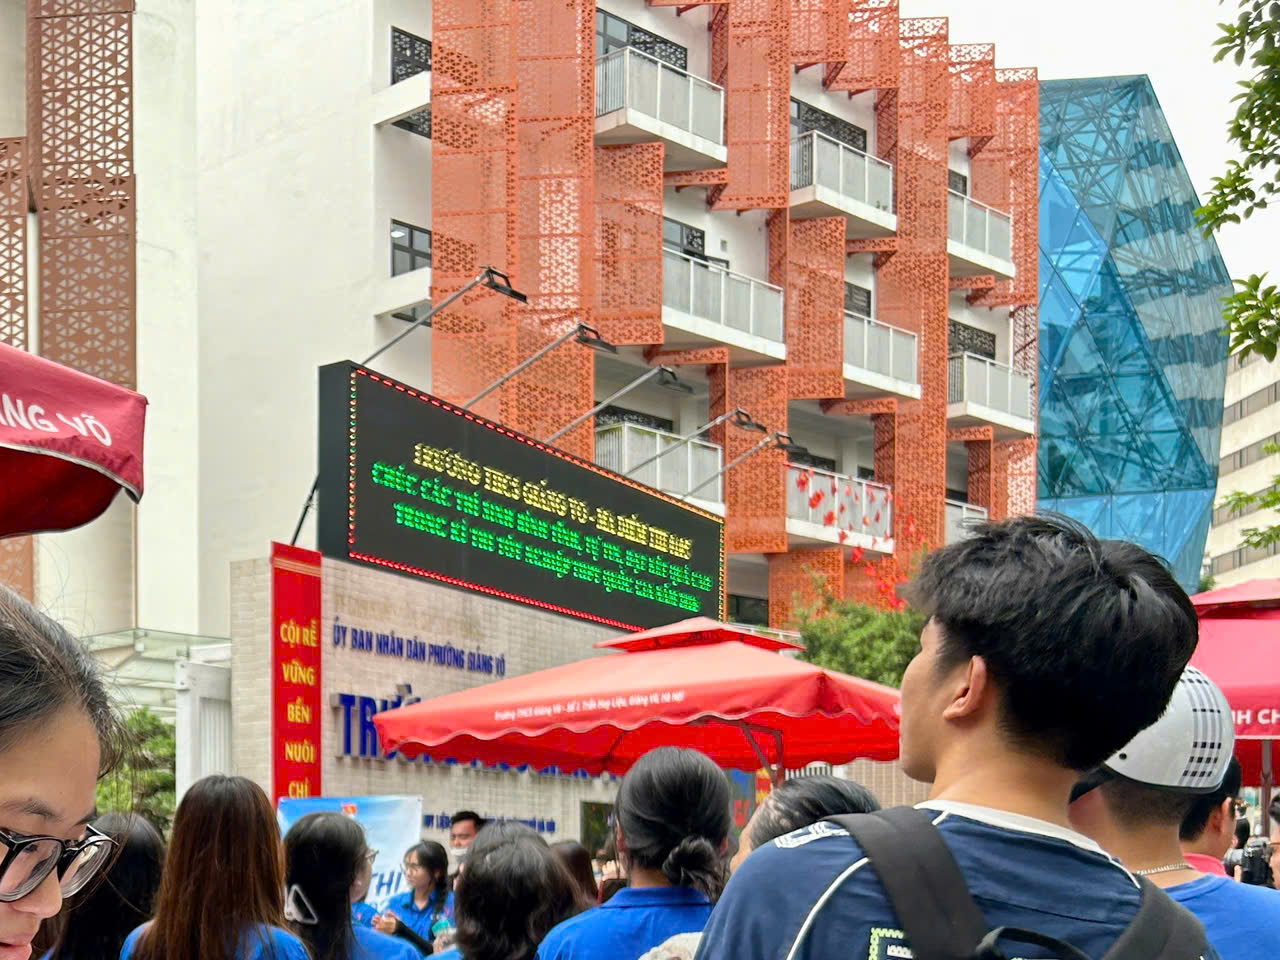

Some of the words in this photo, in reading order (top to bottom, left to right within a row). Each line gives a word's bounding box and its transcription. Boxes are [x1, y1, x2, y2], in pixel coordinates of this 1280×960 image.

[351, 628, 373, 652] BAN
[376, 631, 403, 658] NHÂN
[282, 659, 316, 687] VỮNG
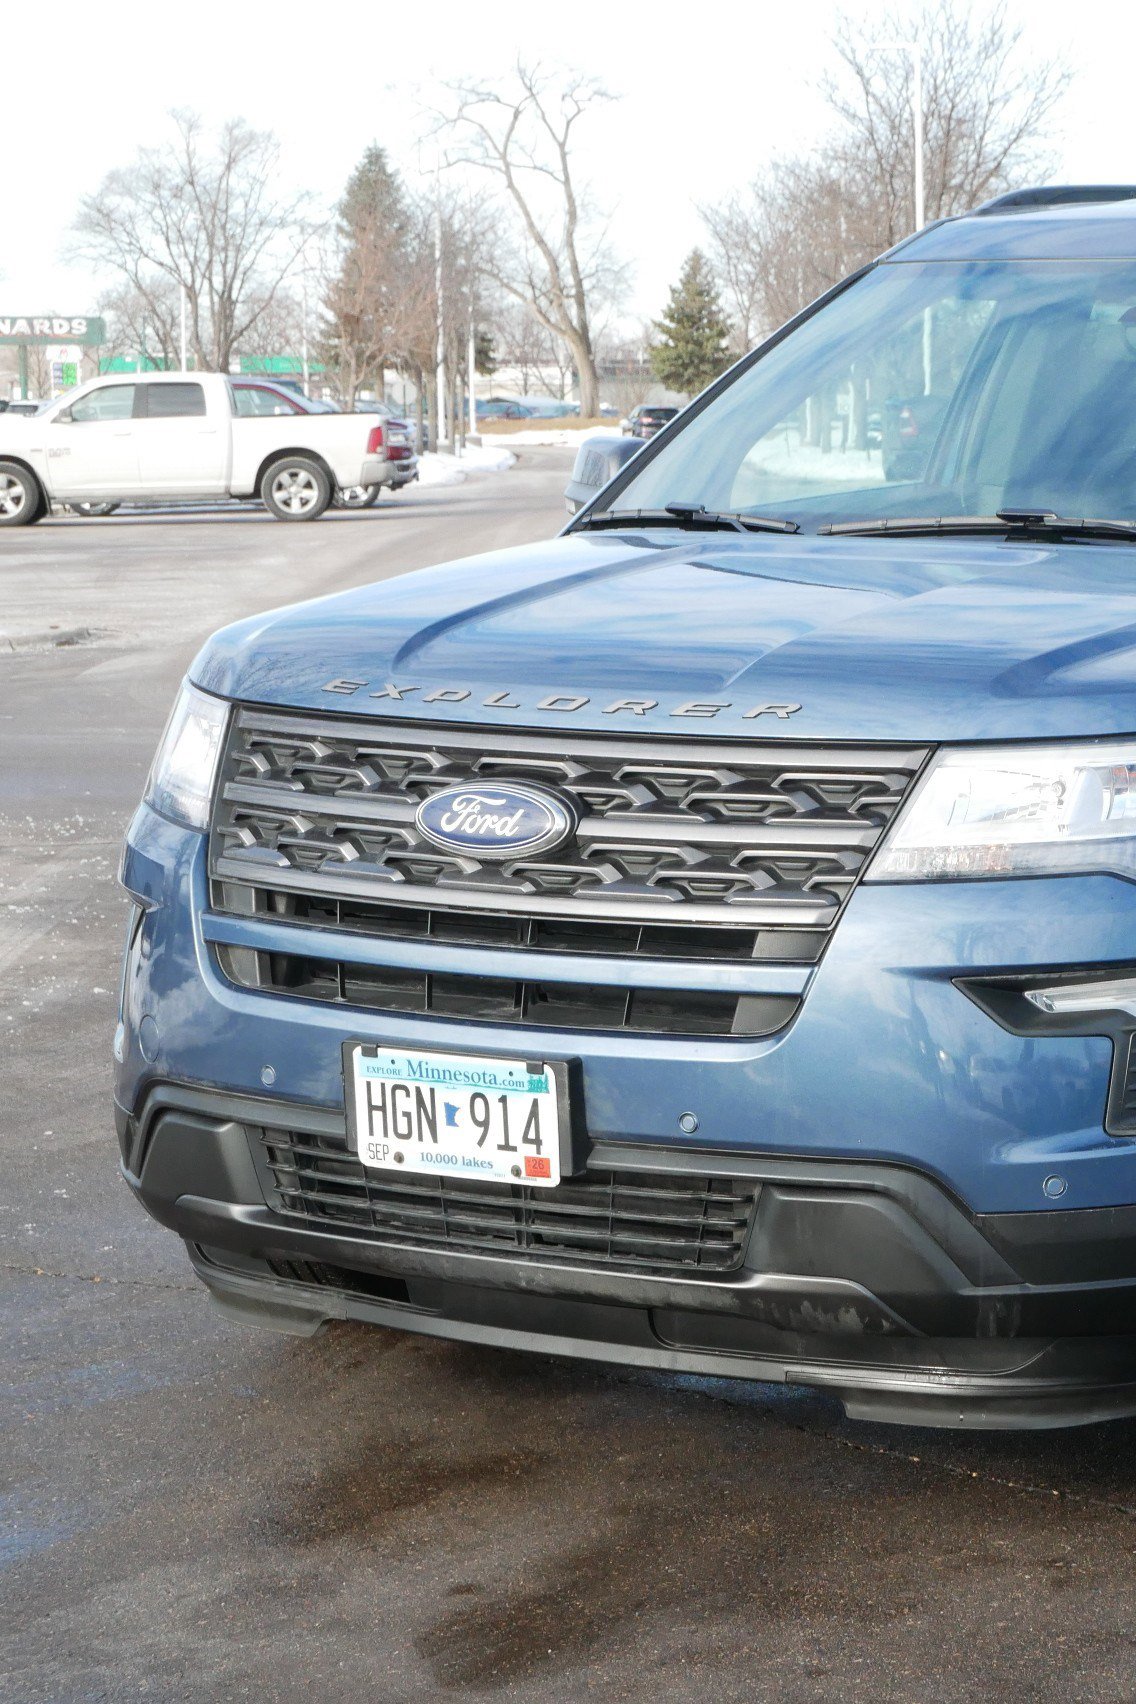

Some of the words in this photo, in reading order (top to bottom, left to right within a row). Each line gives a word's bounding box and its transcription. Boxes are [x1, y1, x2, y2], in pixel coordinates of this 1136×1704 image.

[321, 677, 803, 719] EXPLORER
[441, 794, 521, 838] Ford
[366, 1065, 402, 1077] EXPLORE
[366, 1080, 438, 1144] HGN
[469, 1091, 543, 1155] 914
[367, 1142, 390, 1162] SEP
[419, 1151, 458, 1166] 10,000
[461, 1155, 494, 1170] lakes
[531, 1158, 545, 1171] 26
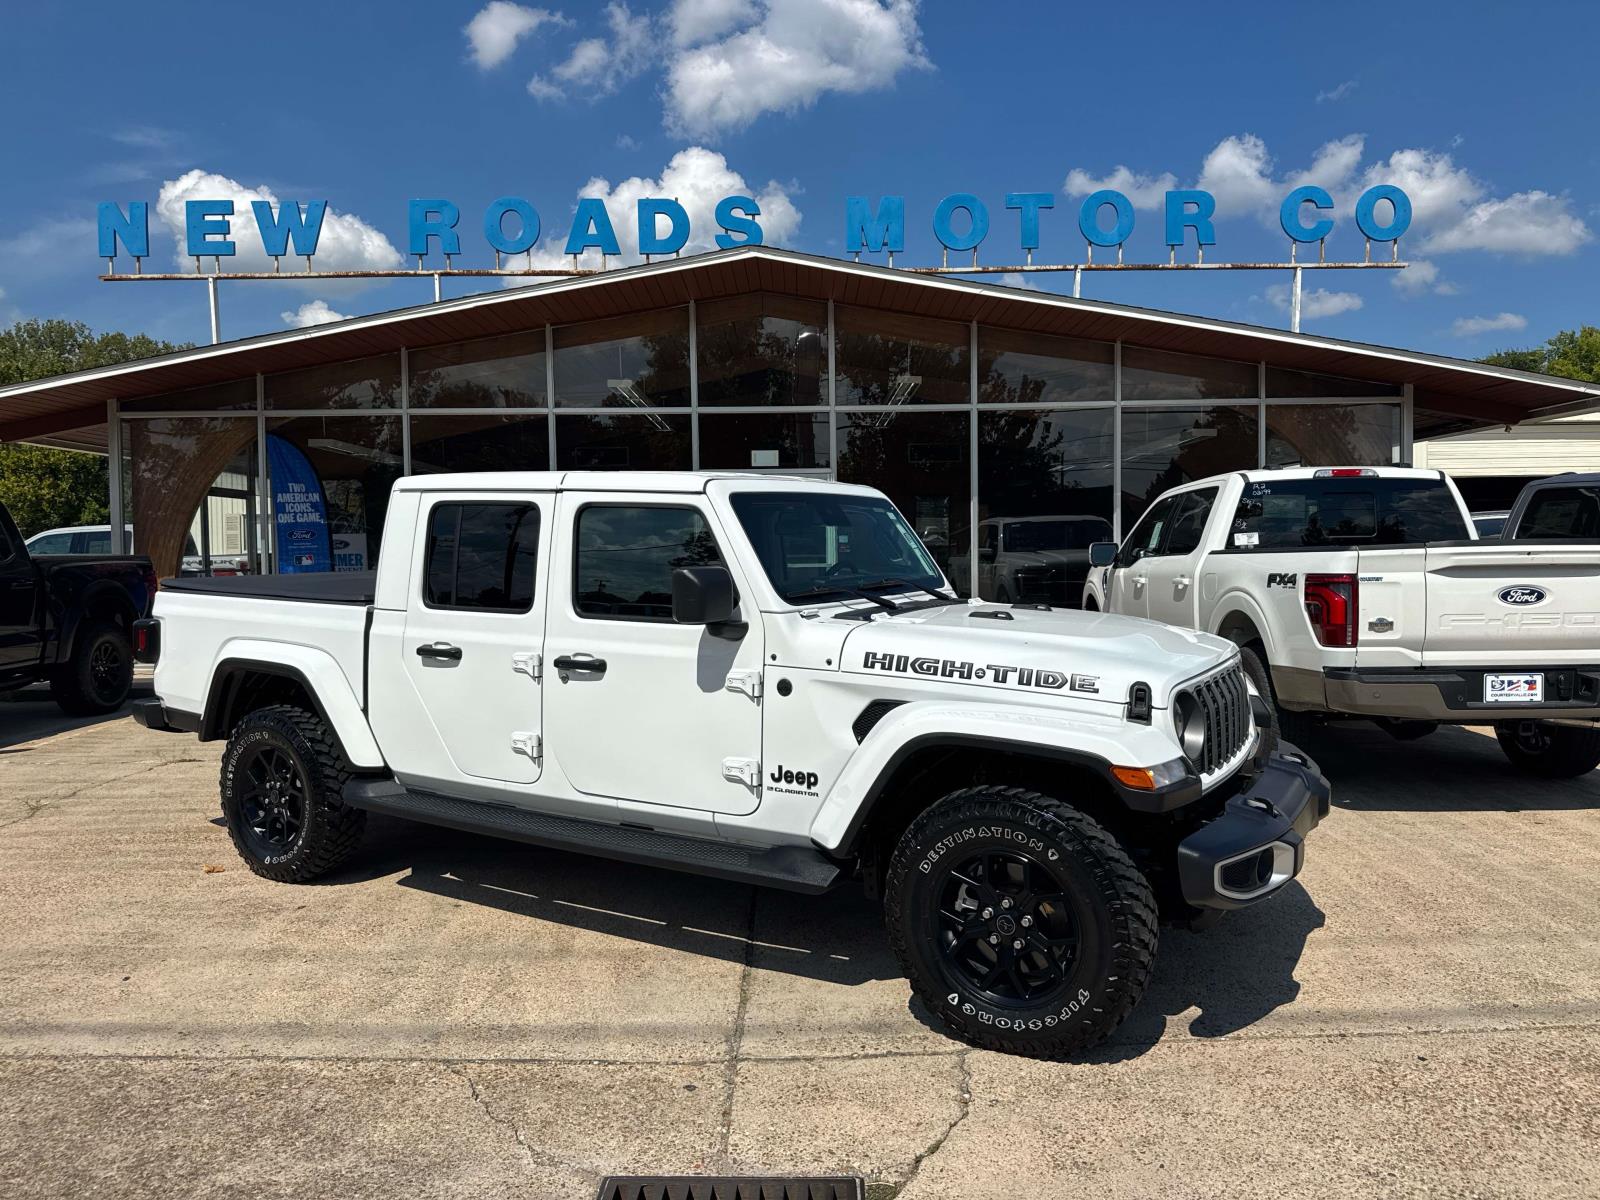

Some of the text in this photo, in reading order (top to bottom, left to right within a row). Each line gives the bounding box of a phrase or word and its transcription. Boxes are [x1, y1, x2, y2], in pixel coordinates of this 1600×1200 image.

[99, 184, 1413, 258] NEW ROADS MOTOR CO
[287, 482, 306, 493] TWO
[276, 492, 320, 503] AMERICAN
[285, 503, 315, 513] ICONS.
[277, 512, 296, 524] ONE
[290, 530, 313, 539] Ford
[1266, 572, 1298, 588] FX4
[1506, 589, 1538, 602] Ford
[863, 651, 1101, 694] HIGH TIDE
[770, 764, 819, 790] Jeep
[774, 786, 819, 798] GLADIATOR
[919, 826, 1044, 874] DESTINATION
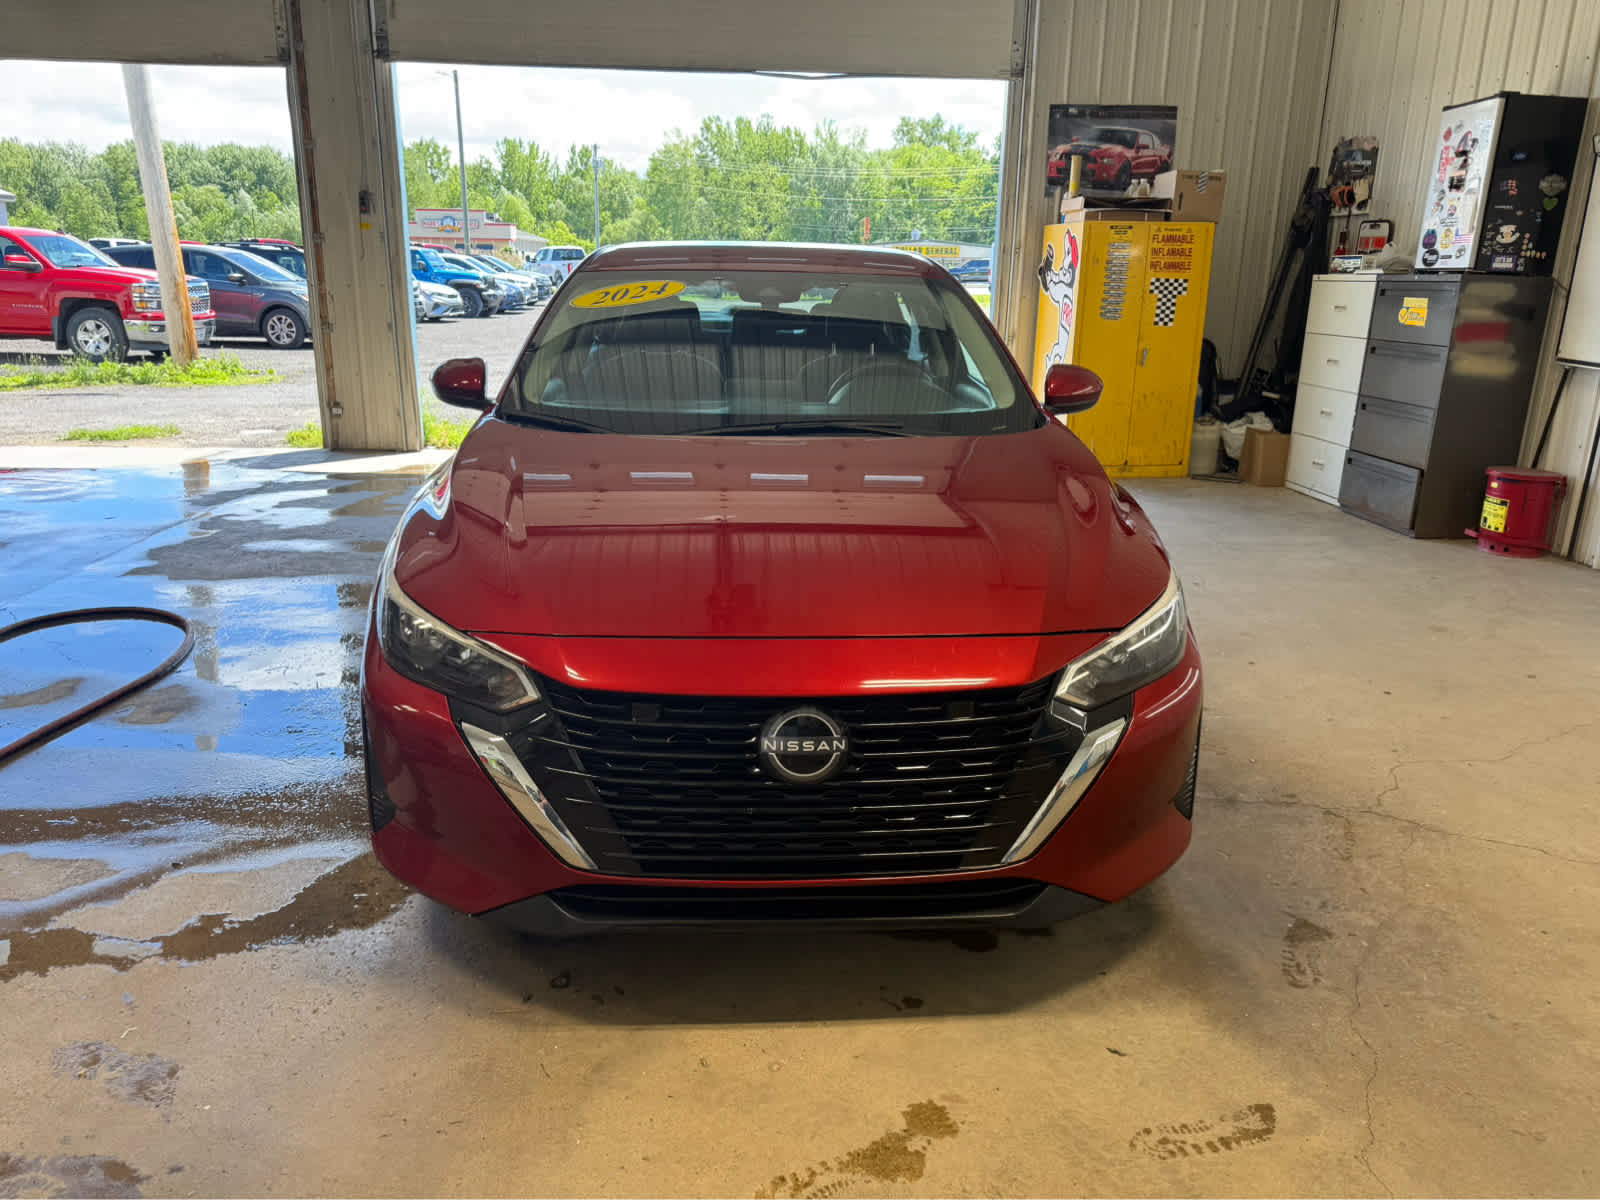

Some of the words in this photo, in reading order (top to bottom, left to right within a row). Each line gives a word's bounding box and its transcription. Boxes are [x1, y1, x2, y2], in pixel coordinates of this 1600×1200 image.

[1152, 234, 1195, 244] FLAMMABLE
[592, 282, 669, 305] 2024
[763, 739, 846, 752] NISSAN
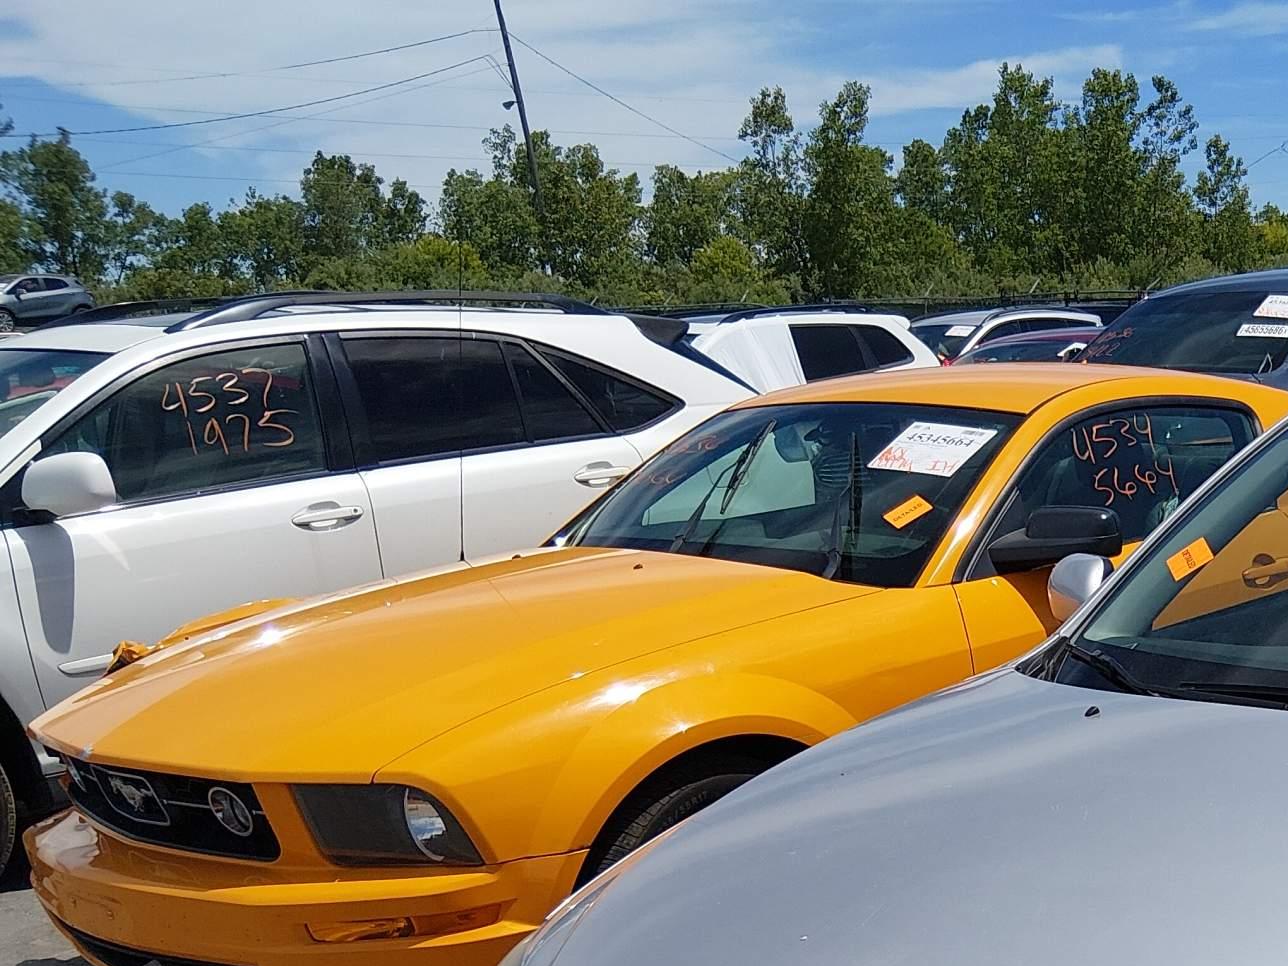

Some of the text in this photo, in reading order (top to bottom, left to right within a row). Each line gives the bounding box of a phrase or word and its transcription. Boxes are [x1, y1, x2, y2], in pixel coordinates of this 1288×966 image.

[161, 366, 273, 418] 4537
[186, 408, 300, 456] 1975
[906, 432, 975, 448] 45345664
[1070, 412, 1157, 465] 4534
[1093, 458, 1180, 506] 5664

◆ Aim of the exercise
Print the data above in full and exactly as it appears, skipping the pictures.

◆ Completed task
Some of the words in this photo, in reading order (top to bottom, left to right within a row). Each line gives a word's bounding box and its transcription. Boxes are [x1, y1, x2, y2], in pixel coordinates of this 1280×960 image.

[351, 628, 373, 652] BAN
[376, 631, 403, 658] NHÂN
[282, 659, 316, 687] VỮNG

Some of the words in this photo, in reading order (top to bottom, left to right within a row). Each line gives a word's bounding box and its transcription. Boxes are [x1, y1, x2, y2], in pixel coordinates of this 1136×1704 image.

[321, 677, 803, 719] EXPLORER
[441, 794, 521, 838] Ford
[366, 1065, 402, 1077] EXPLORE
[366, 1080, 438, 1144] HGN
[469, 1091, 543, 1155] 914
[367, 1142, 390, 1162] SEP
[419, 1151, 458, 1166] 10,000
[461, 1155, 494, 1170] lakes
[531, 1158, 545, 1171] 26

Some of the text in this photo, in reading order (top to bottom, left to right within a row). Each line gives the bounding box of a phrase or word and its transcription. Boxes are [x1, y1, x2, y2], in pixel coordinates of this 1600×1200 image.

[99, 184, 1413, 258] NEW ROADS MOTOR CO
[287, 482, 306, 493] TWO
[276, 492, 320, 503] AMERICAN
[285, 503, 315, 513] ICONS.
[277, 512, 296, 524] ONE
[290, 530, 313, 539] Ford
[1266, 572, 1298, 588] FX4
[1506, 589, 1538, 602] Ford
[863, 651, 1101, 694] HIGH TIDE
[770, 764, 819, 790] Jeep
[774, 786, 819, 798] GLADIATOR
[919, 826, 1044, 874] DESTINATION

Some of the words in this photo, in reading order (top to bottom, left to right within a row). Each line gives a word's bounding box and its transcription. Boxes are [x1, y1, x2, y2], in pixel coordinates of this 1600×1200 image.

[1152, 234, 1195, 244] FLAMMABLE
[592, 282, 669, 305] 2024
[763, 739, 846, 752] NISSAN

Some of the text in this photo, in reading order (top to bottom, left to right within a row). Each line gives the bounding box of a phrase or word and its transcription. Boxes are [x1, y1, x2, y2], in pixel coordinates of this 1288×966 image.

[161, 366, 273, 418] 4537
[186, 408, 300, 456] 1975
[906, 432, 975, 448] 45345664
[1070, 412, 1157, 465] 4534
[1093, 458, 1180, 506] 5664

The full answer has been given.